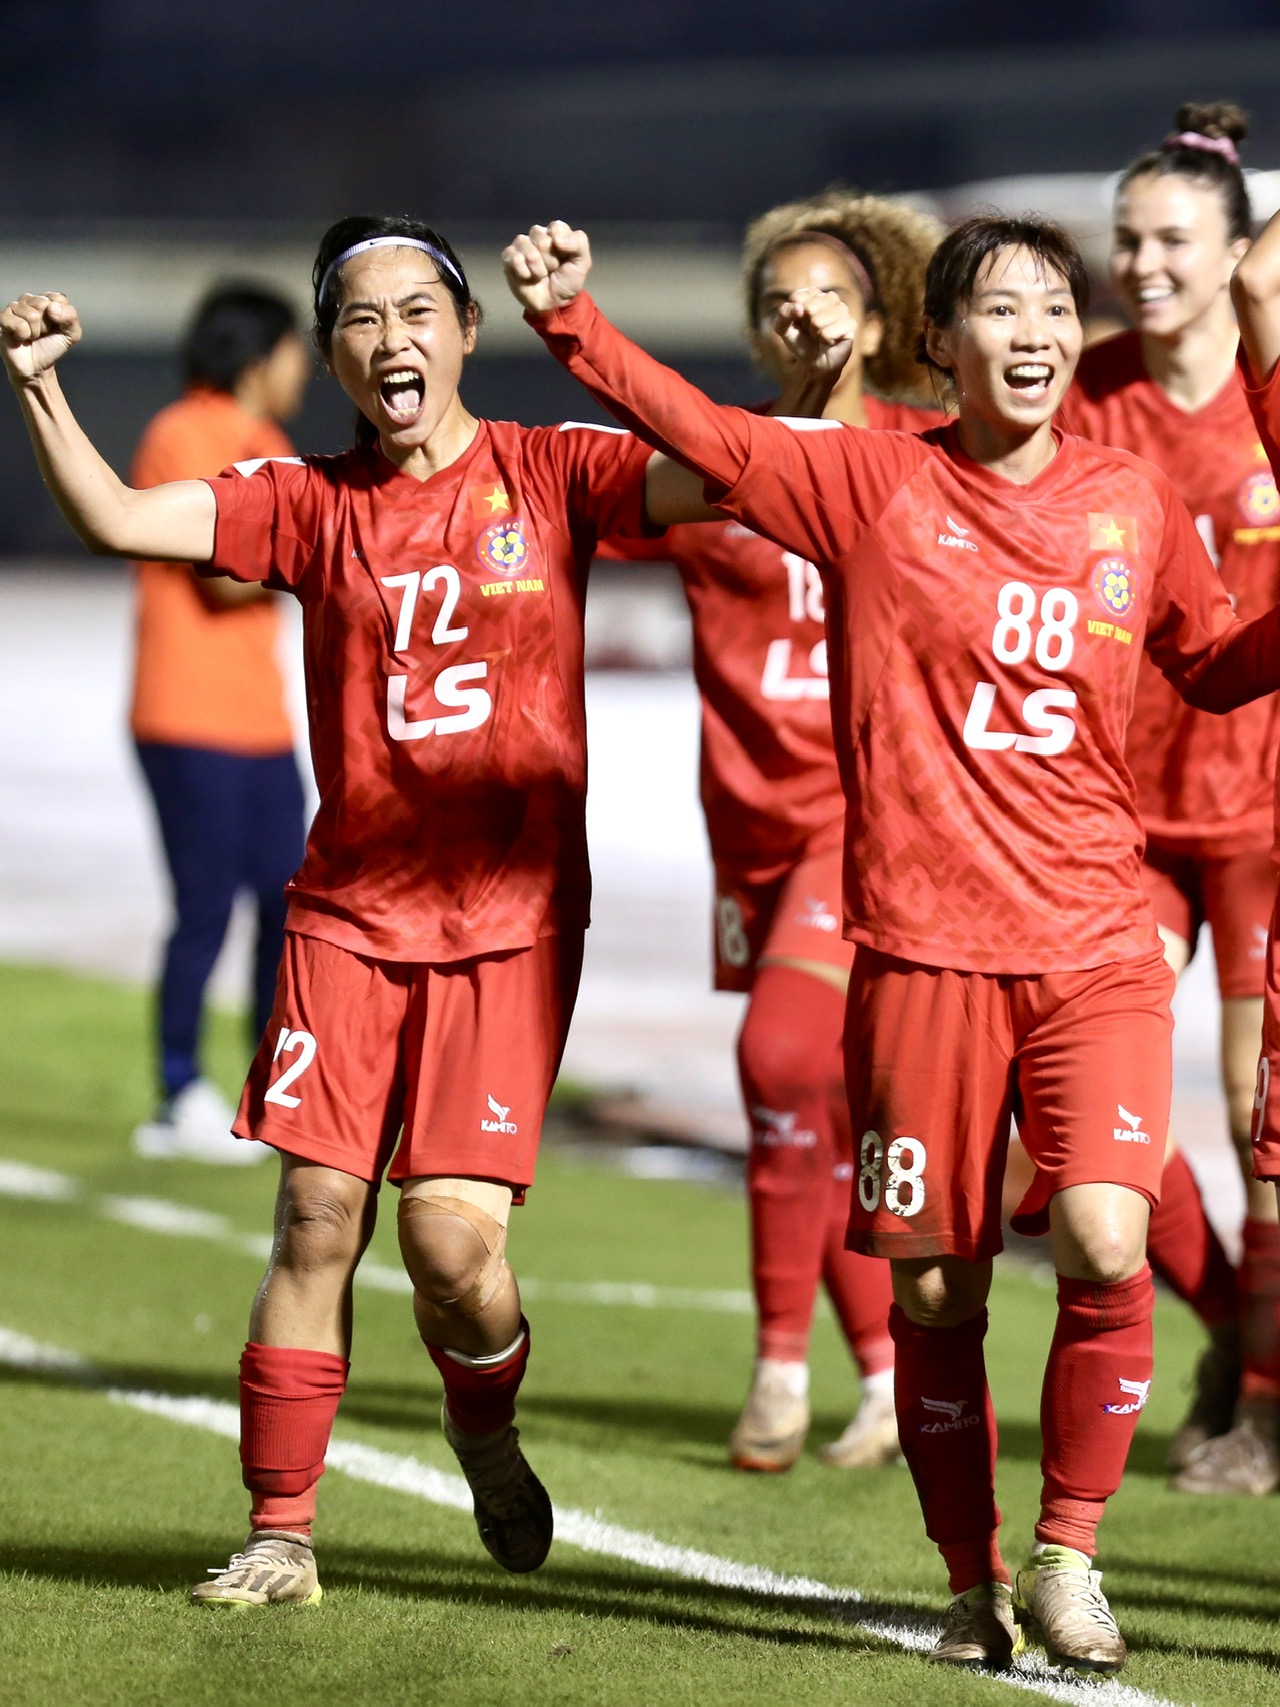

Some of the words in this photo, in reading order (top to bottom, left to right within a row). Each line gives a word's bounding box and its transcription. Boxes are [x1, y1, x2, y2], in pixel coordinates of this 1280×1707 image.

[380, 564, 469, 652] 72
[480, 581, 513, 597] VIET
[515, 578, 545, 593] NAM
[992, 581, 1079, 671] 88
[1087, 619, 1115, 638] VIET
[1113, 625, 1133, 646] NAM
[387, 661, 492, 741] LS
[963, 681, 1077, 757] LS
[481, 1118, 518, 1134] KAMITO
[1112, 1127, 1151, 1145] KAMITO
[1254, 1056, 1270, 1142] 9
[858, 1130, 927, 1217] 88
[918, 1414, 980, 1434] KAMITO
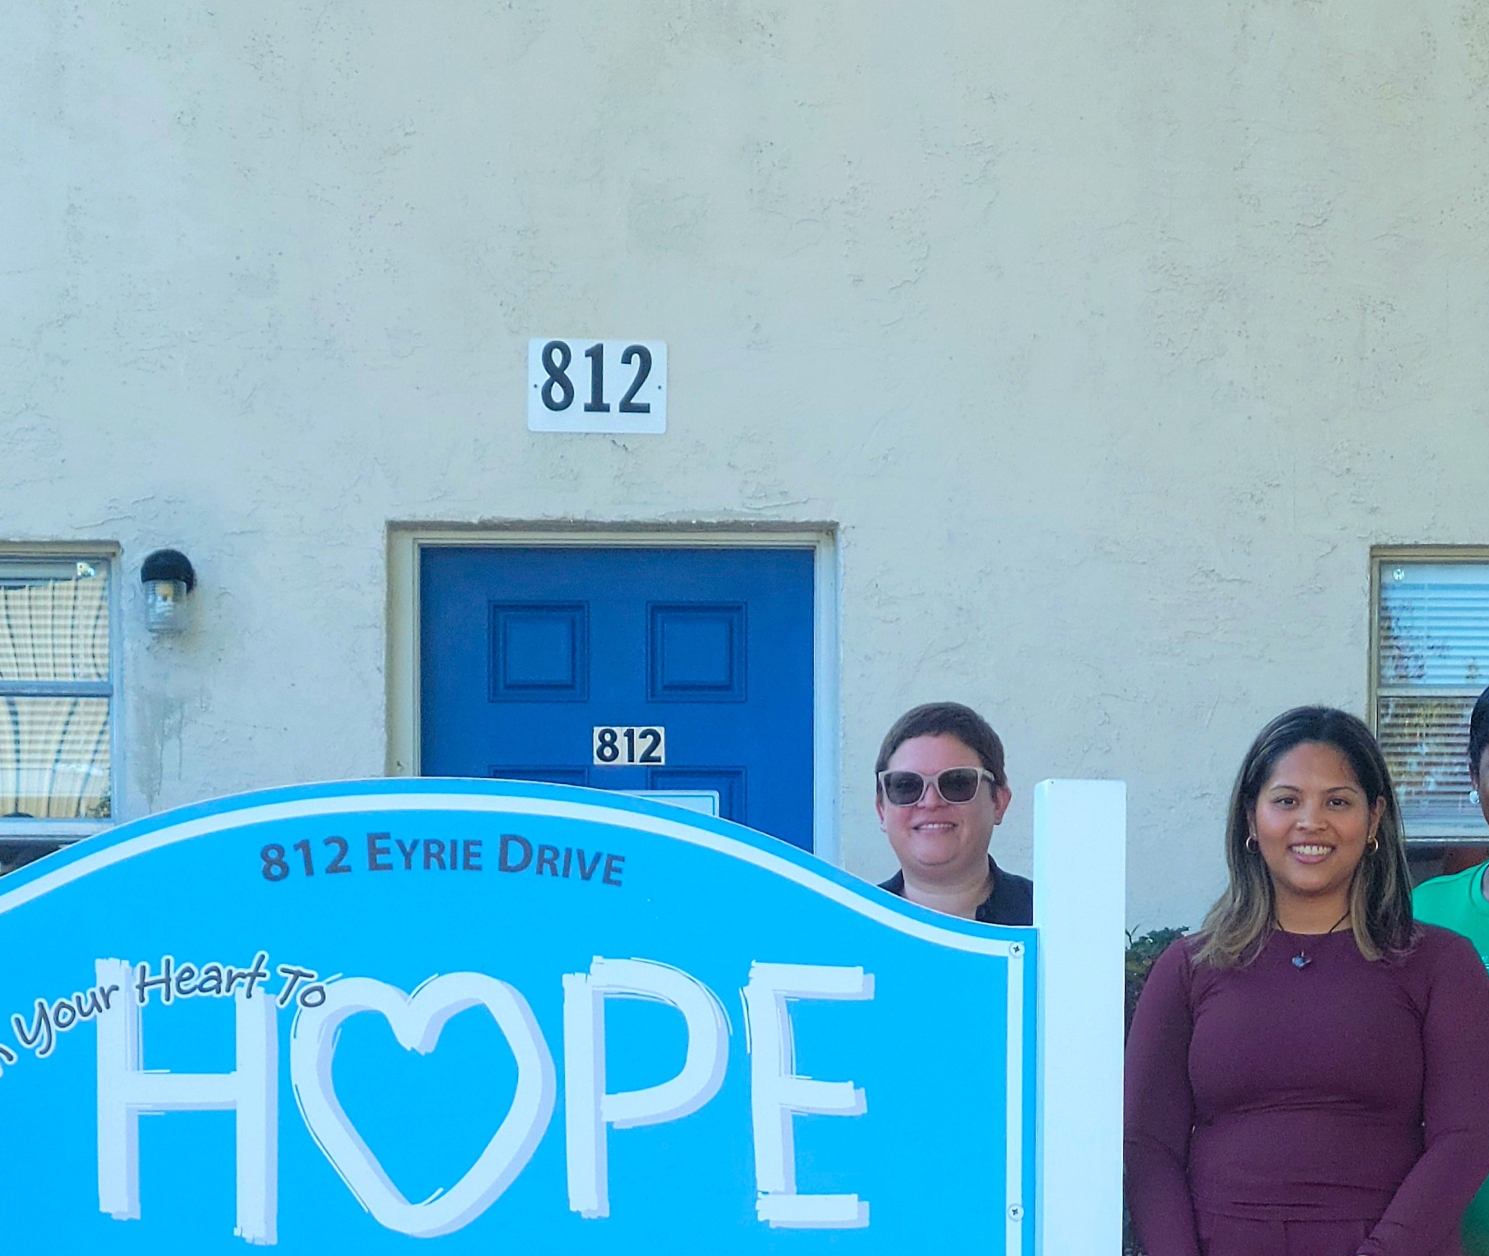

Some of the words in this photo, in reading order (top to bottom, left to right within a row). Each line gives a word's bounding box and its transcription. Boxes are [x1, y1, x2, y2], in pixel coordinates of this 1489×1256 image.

[541, 340, 652, 413] 812
[596, 728, 662, 763] 812
[260, 835, 352, 882] 812
[366, 831, 483, 873] EYRIE
[497, 833, 626, 887] DRIVE
[14, 982, 120, 1057] Your
[135, 952, 268, 1005] Heart
[278, 966, 327, 1008] To
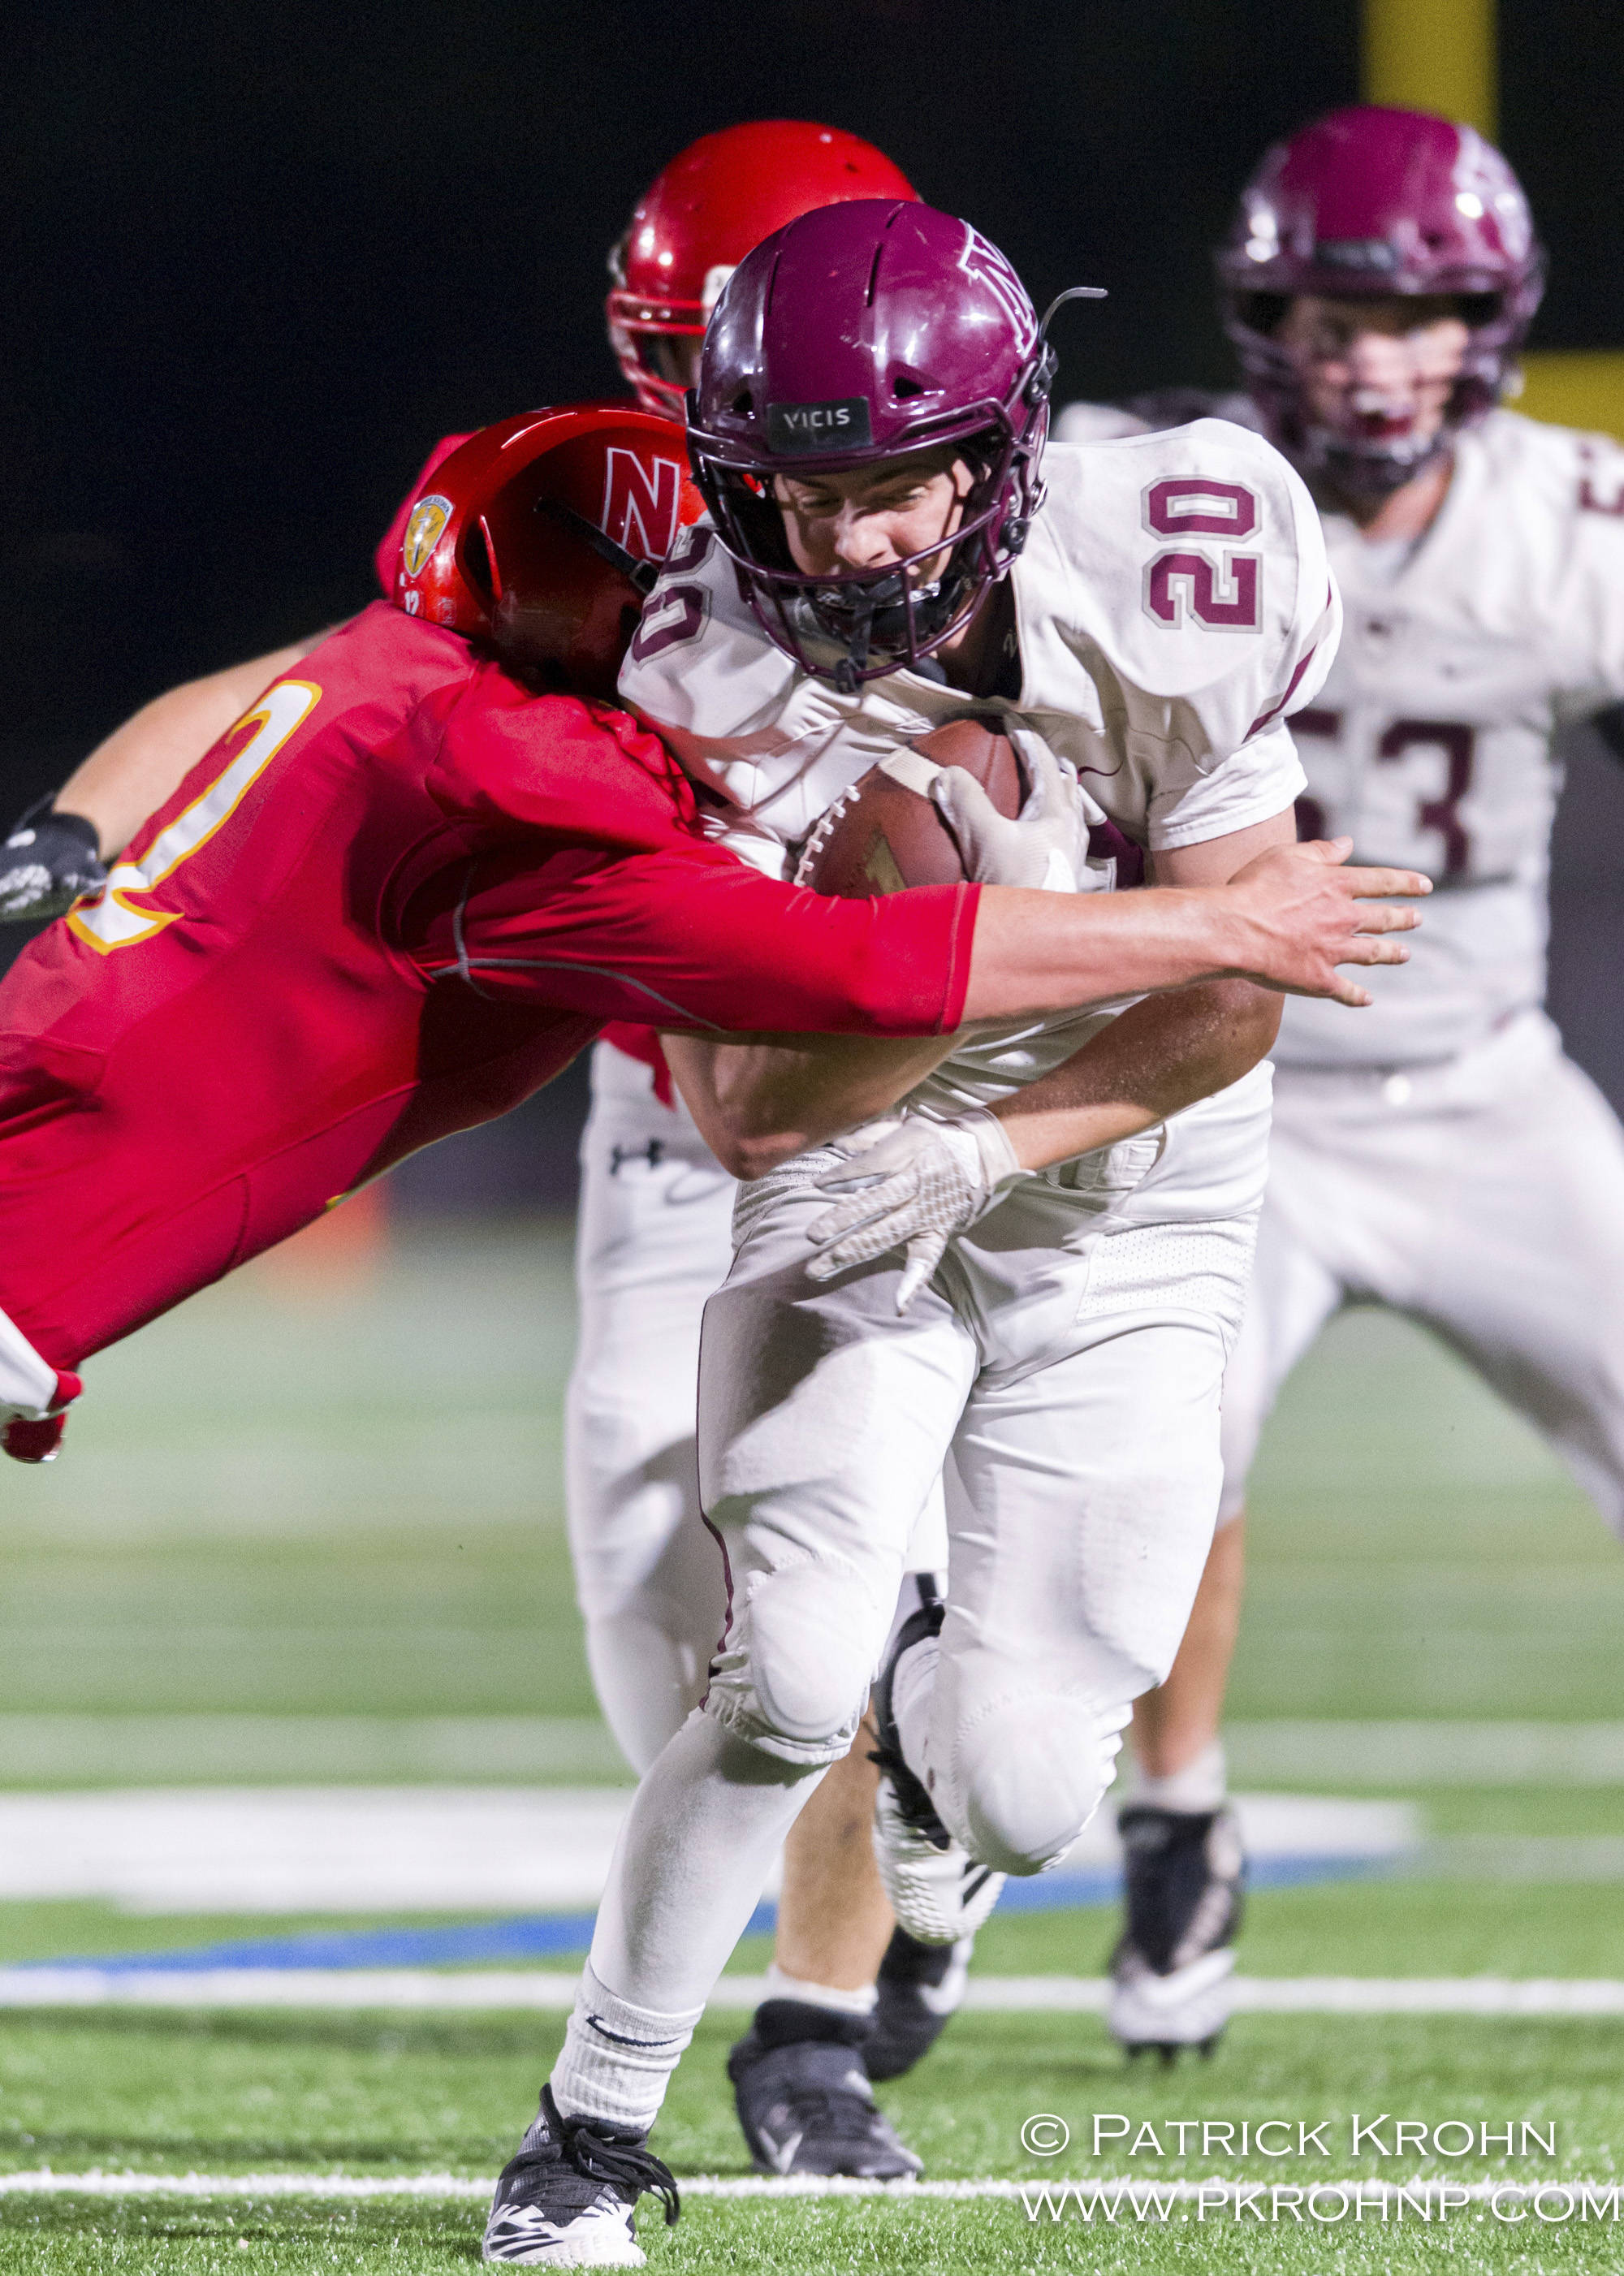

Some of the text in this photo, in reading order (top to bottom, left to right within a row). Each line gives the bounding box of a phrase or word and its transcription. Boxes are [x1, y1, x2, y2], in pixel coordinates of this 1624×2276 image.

[783, 408, 850, 430] VICIS
[601, 447, 680, 562] N
[1140, 473, 1263, 634] 20
----
Give back exactly the lines from the line with "this 1489×1256 image." through the end of the material above, and omit every picture.

YOUR RESPONSE –
Some of the words in this photo, in reading order (top to bottom, left to right within a row). Each line gives a word's bounding box and its transcription. Boxes are [x1, y1, x2, y2], in pixel coordinates of this 1489×1256 image.

[541, 340, 652, 413] 812
[596, 728, 662, 763] 812
[260, 835, 352, 882] 812
[366, 831, 483, 873] EYRIE
[497, 833, 626, 887] DRIVE
[14, 982, 120, 1057] Your
[135, 952, 268, 1005] Heart
[278, 966, 327, 1008] To

Some of the text in this photo, in reading order (top to bottom, left to right within a row). Each line gives the bounding box of a phrase or word and its transcription. Boxes are [x1, y1, x2, y2], in pixel coordinates of this 1624×2276 image.

[783, 408, 850, 430] VICIS
[601, 447, 680, 562] N
[1140, 473, 1263, 634] 20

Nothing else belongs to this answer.